Give back every line of the material exactly. Skip the pictures.

DATA TO USE.
┏━━

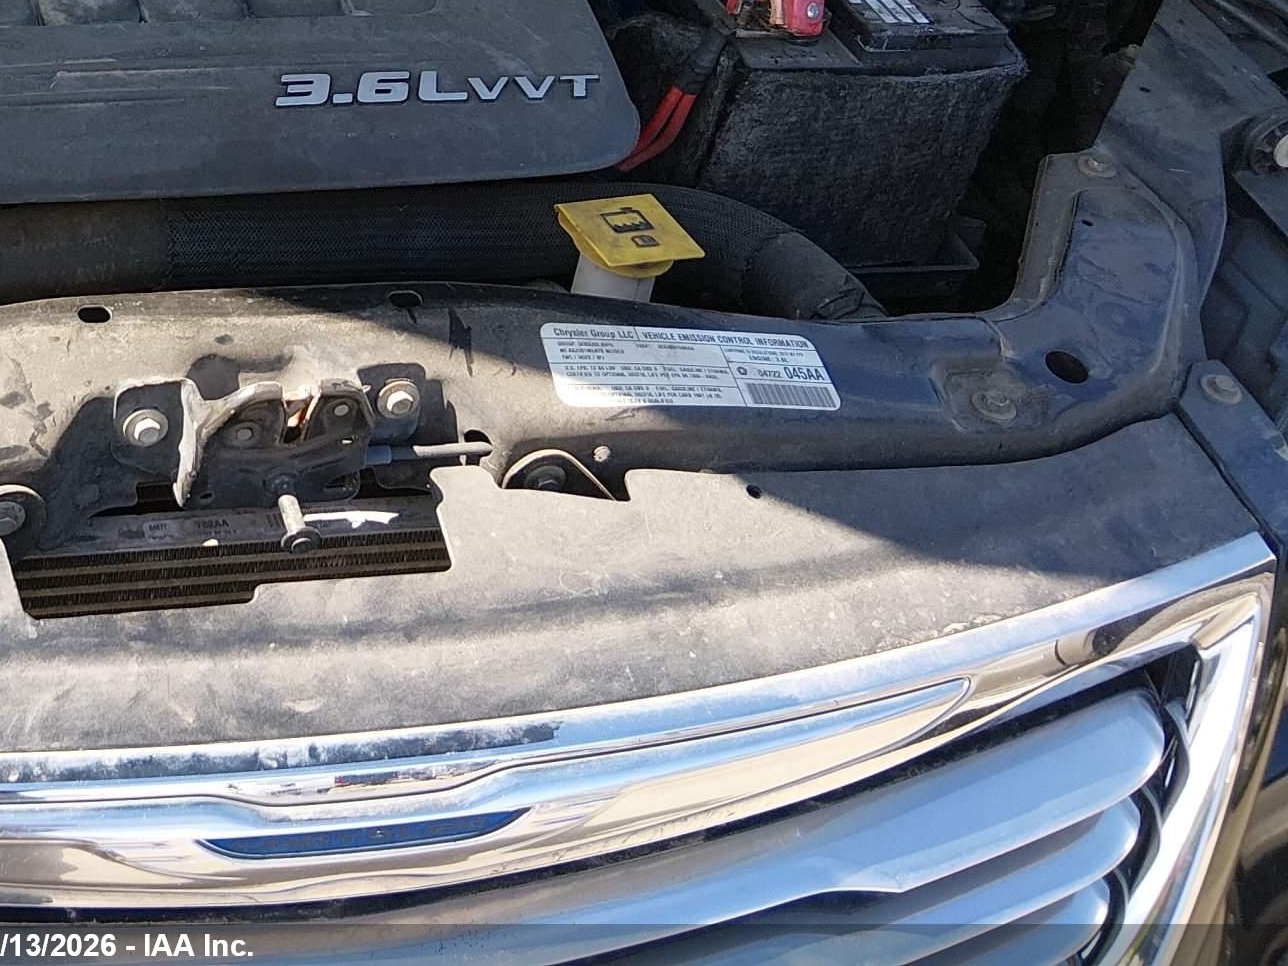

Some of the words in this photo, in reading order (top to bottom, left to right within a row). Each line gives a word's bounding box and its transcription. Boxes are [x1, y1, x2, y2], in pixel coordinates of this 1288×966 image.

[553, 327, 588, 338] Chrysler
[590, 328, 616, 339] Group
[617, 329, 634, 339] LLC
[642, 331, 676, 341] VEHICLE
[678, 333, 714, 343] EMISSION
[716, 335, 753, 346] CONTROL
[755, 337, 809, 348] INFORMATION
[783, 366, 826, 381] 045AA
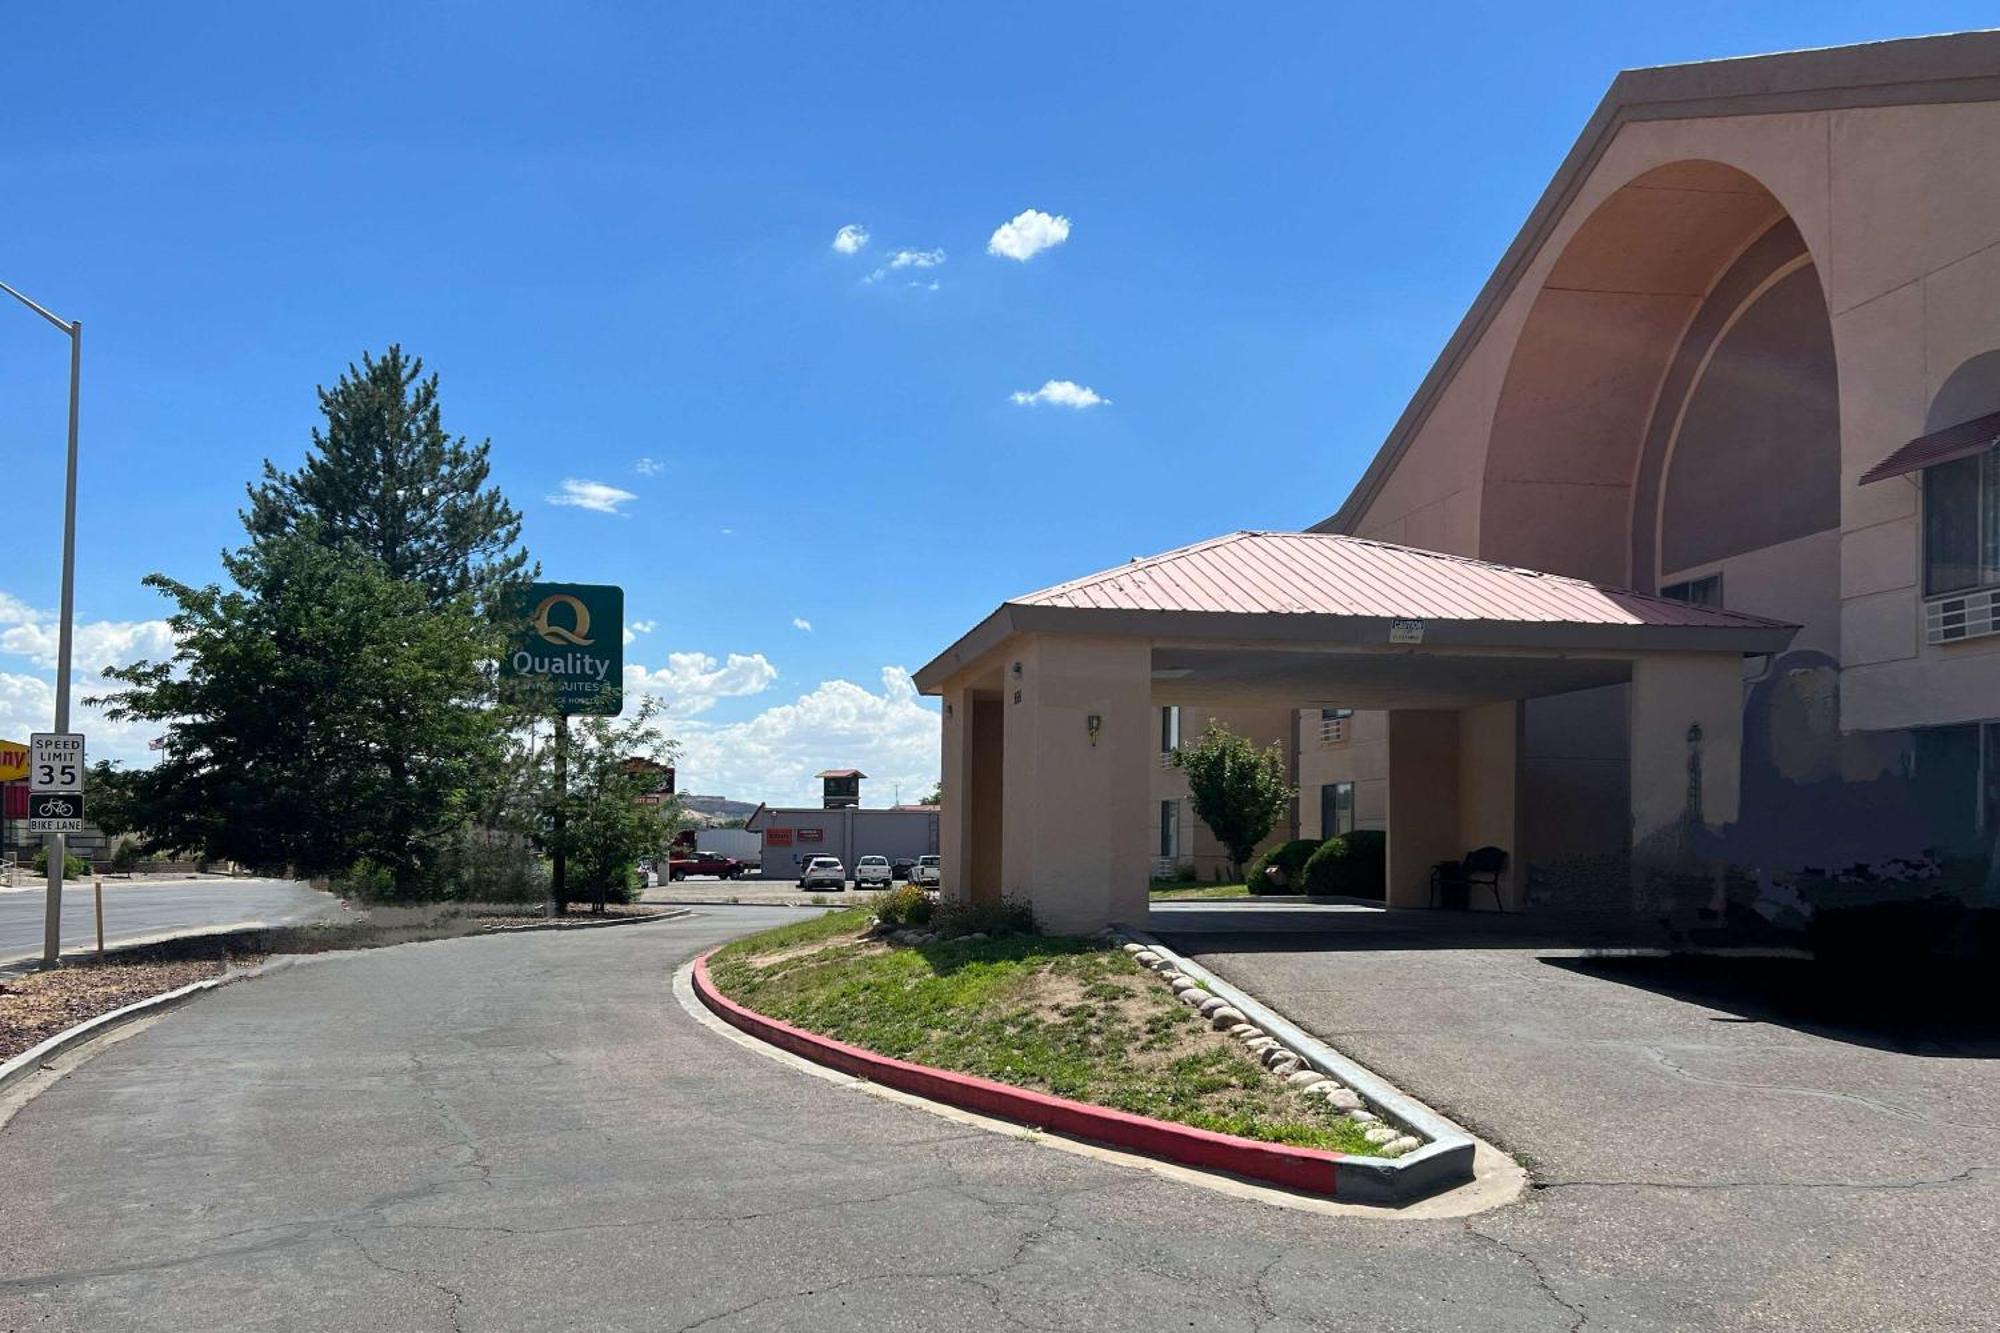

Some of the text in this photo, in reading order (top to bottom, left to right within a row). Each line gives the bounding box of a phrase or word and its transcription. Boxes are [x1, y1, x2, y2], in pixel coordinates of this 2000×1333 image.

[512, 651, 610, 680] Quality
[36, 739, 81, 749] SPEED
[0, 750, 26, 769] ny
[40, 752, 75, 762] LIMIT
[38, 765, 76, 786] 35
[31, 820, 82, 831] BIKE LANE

┗━━

EXERCISE OUTPUT.
Some of the words in this photo, in reading order (top to bottom, left to right within a row). Each line gives a word's bounding box and its transcription. Boxes are [x1, y1, x2, y2], in pixel coordinates of this 1288×966 image.

[553, 327, 588, 338] Chrysler
[590, 328, 616, 339] Group
[617, 329, 634, 339] LLC
[642, 331, 676, 341] VEHICLE
[678, 333, 714, 343] EMISSION
[716, 335, 753, 346] CONTROL
[755, 337, 809, 348] INFORMATION
[783, 366, 826, 381] 045AA

Some of the text in this photo, in reading order (top to bottom, left to right within a row). Each line gives the bounding box of a phrase or word and its transcription. Boxes are [x1, y1, x2, y2], in pixel coordinates of this 2000×1333 image.

[512, 651, 610, 680] Quality
[36, 739, 81, 749] SPEED
[0, 750, 26, 769] ny
[40, 752, 75, 762] LIMIT
[38, 765, 76, 786] 35
[31, 820, 82, 831] BIKE LANE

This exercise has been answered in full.